• **Brief**
Transcribe all of the records precisely as they are presented.
*** Block opens ***
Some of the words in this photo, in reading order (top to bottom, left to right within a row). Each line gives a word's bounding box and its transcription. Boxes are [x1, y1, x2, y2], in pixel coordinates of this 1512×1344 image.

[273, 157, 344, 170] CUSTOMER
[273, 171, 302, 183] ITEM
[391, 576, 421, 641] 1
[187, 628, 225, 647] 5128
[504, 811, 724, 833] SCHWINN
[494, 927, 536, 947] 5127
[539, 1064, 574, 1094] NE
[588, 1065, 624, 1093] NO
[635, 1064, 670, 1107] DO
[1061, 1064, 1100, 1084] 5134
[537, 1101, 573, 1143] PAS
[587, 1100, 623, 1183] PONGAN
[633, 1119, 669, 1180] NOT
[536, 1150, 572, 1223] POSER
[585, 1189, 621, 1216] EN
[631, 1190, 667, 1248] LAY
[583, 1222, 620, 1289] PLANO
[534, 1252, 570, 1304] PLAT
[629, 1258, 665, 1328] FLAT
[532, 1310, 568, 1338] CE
*** Block closes ***
• **Completed task**
Some of the words in this photo, in reading order (top to bottom, left to right within a row). Each line gives a word's bounding box and its transcription. Boxes are [x1, y1, x2, y2], in pixel coordinates of this 1512×1344 image.

[273, 157, 344, 170] CUSTOMER
[273, 171, 302, 183] ITEM
[391, 576, 421, 641] 1
[187, 628, 225, 647] 5128
[504, 811, 724, 833] SCHWINN
[494, 927, 536, 947] 5127
[539, 1064, 574, 1094] NE
[588, 1065, 624, 1093] NO
[635, 1064, 670, 1107] DO
[1061, 1064, 1100, 1084] 5134
[537, 1101, 573, 1143] PAS
[587, 1100, 623, 1183] PONGAN
[633, 1119, 669, 1180] NOT
[536, 1150, 572, 1223] POSER
[585, 1189, 621, 1216] EN
[631, 1190, 667, 1248] LAY
[583, 1222, 620, 1289] PLANO
[534, 1252, 570, 1304] PLAT
[629, 1258, 665, 1328] FLAT
[532, 1310, 568, 1338] CE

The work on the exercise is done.